--- EXERCISE INSTRUCTIONS ---
The expected answer is the full listing, repeated exactly and free of images.

--- THE RECORDS ---

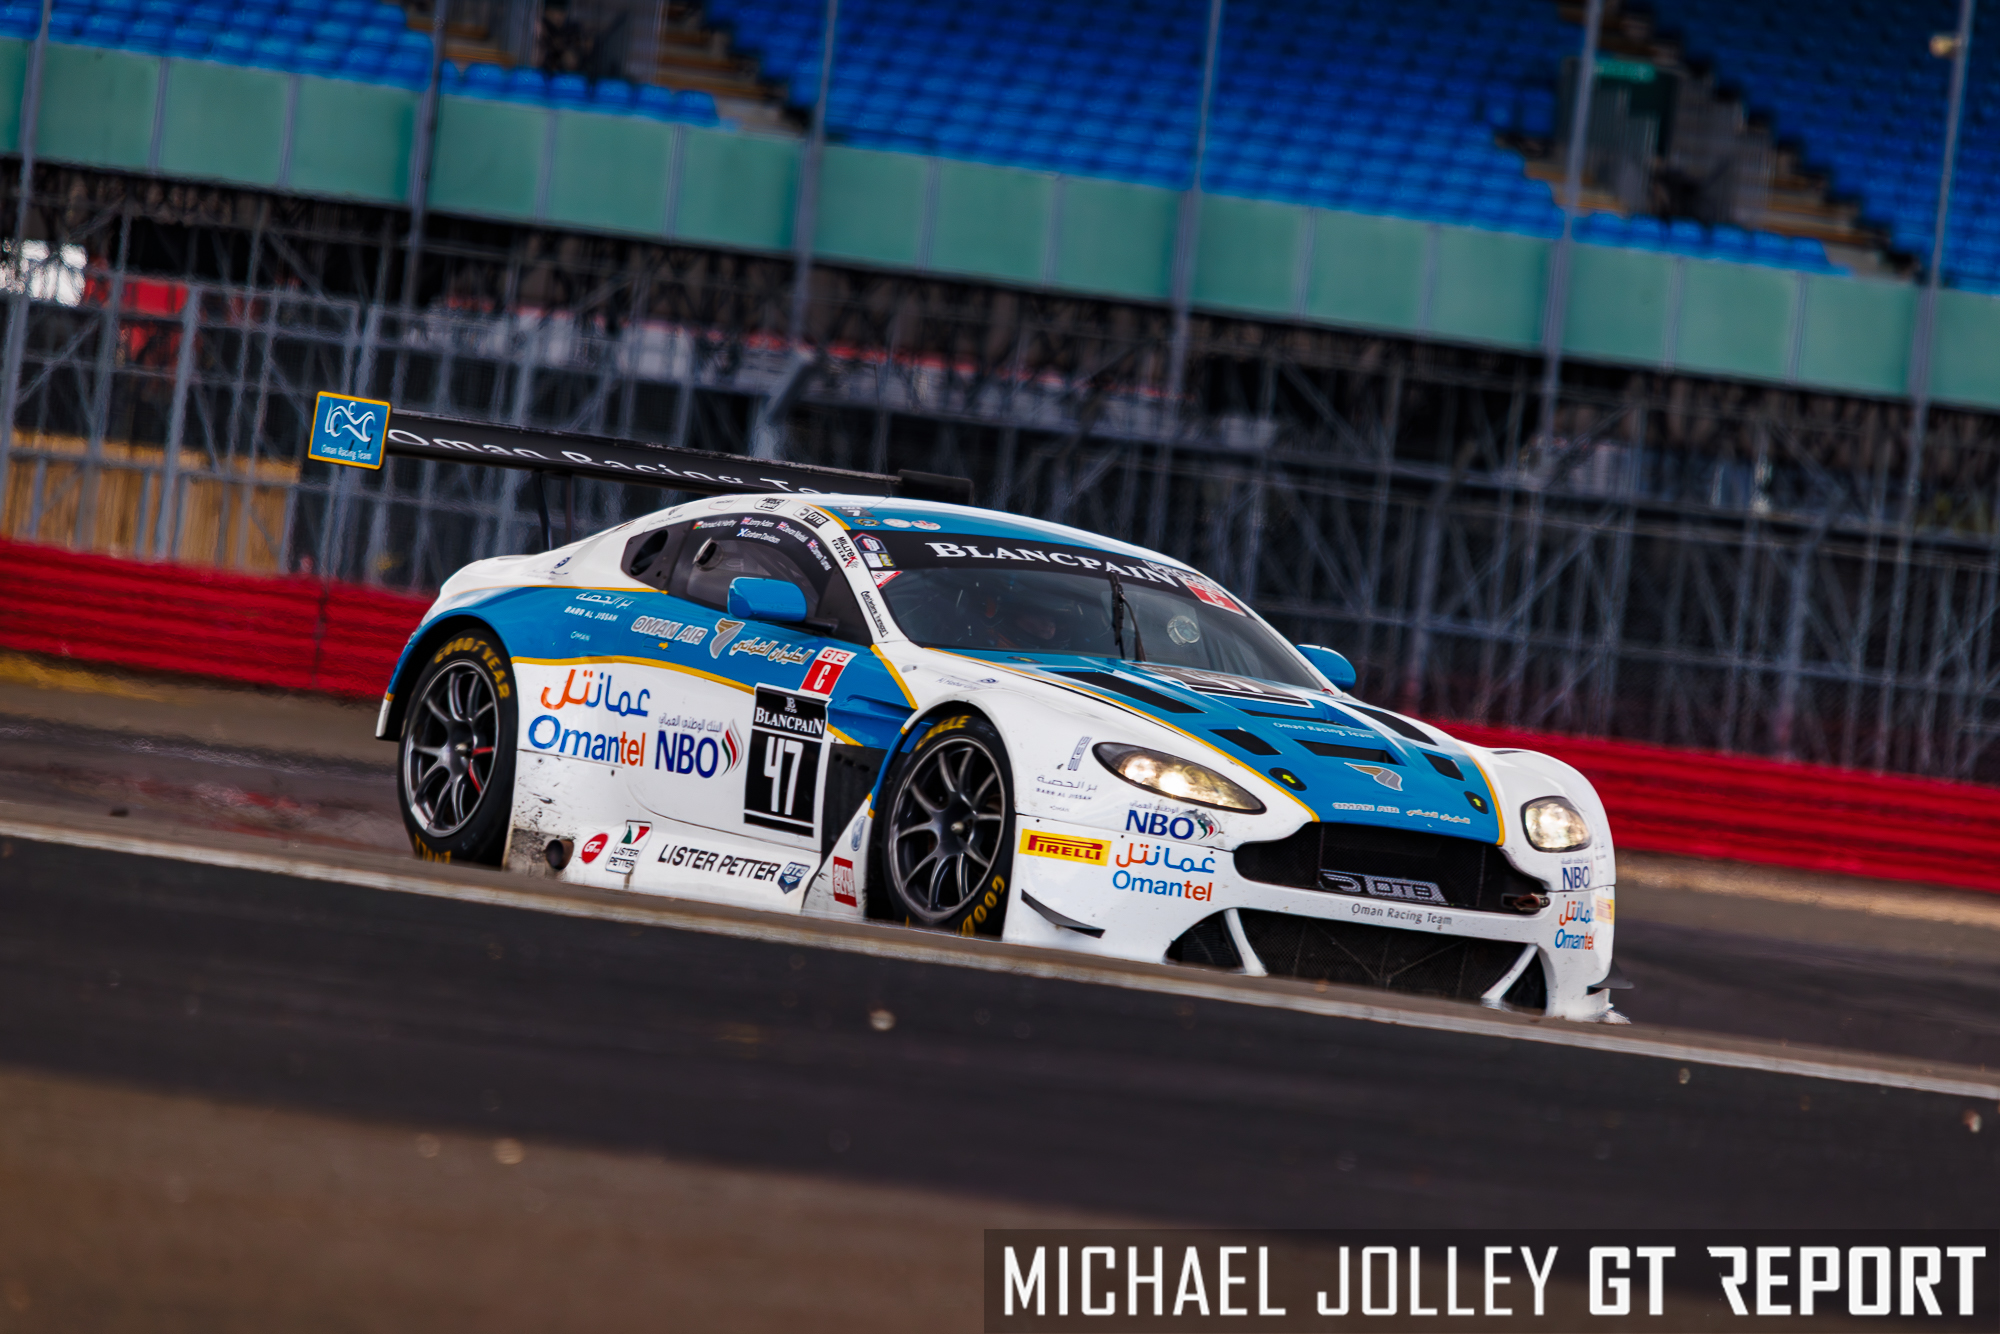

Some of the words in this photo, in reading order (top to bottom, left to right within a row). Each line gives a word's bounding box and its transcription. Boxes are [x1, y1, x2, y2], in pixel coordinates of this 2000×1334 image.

[321, 444, 337, 455] Oman
[338, 447, 357, 460] Racing
[358, 450, 372, 460] Team
[388, 429, 549, 460] Oman
[924, 542, 1179, 588] BLANCPAIN
[564, 606, 585, 616] BARR
[594, 612, 619, 622] JISSAH
[631, 615, 683, 639] OMAN
[674, 625, 709, 646] AIR
[822, 650, 850, 663] GT3
[813, 664, 832, 691] C
[540, 668, 651, 718] عمانتل
[754, 706, 825, 735] BLANCPAIN
[1272, 722, 1306, 731] Oman
[1306, 725, 1346, 737] Racing
[1345, 731, 1375, 740] Team
[528, 714, 647, 767] Omantel
[655, 729, 719, 779] NBO
[763, 735, 805, 816] 47
[1035, 787, 1055, 796] BARR
[1068, 793, 1092, 801] JISSAH
[1332, 802, 1375, 811] OMAN
[1376, 805, 1400, 814] AIR
[1125, 809, 1195, 841] NBO
[613, 846, 640, 858] LISTER
[1027, 834, 1103, 861] PIRELLI
[1115, 843, 1216, 874] عمانتل
[608, 856, 636, 868] PETTER
[657, 843, 718, 872] LISTER
[716, 856, 782, 882] PETTER
[783, 863, 809, 877] GT3
[1112, 870, 1213, 902] Omantel
[1562, 866, 1590, 890] NBO
[1351, 903, 1384, 916] Oman
[1387, 907, 1423, 924] Racing
[1426, 912, 1453, 925] Team
[1555, 929, 1595, 950] Omantel

--- REPLY ---
Some of the words in this photo, in reading order (top to bottom, left to right within a row). Each line gives a word's bounding box and its transcription. Boxes are [x1, y1, x2, y2], in pixel coordinates of this 2000×1334 image.

[321, 444, 337, 455] Oman
[338, 447, 357, 460] Racing
[358, 450, 372, 460] Team
[388, 429, 549, 460] Oman
[924, 542, 1179, 588] BLANCPAIN
[564, 606, 585, 616] BARR
[594, 612, 619, 622] JISSAH
[631, 615, 683, 639] OMAN
[674, 625, 709, 646] AIR
[822, 650, 850, 663] GT3
[813, 664, 832, 691] C
[540, 668, 651, 718] عمانتل
[754, 706, 825, 735] BLANCPAIN
[1272, 722, 1306, 731] Oman
[1306, 725, 1346, 737] Racing
[1345, 731, 1375, 740] Team
[528, 714, 647, 767] Omantel
[655, 729, 719, 779] NBO
[763, 735, 805, 816] 47
[1035, 787, 1055, 796] BARR
[1068, 793, 1092, 801] JISSAH
[1332, 802, 1375, 811] OMAN
[1376, 805, 1400, 814] AIR
[1125, 809, 1195, 841] NBO
[613, 846, 640, 858] LISTER
[1027, 834, 1103, 861] PIRELLI
[1115, 843, 1216, 874] عمانتل
[608, 856, 636, 868] PETTER
[657, 843, 718, 872] LISTER
[716, 856, 782, 882] PETTER
[783, 863, 809, 877] GT3
[1112, 870, 1213, 902] Omantel
[1562, 866, 1590, 890] NBO
[1351, 903, 1384, 916] Oman
[1387, 907, 1423, 924] Racing
[1426, 912, 1453, 925] Team
[1555, 929, 1595, 950] Omantel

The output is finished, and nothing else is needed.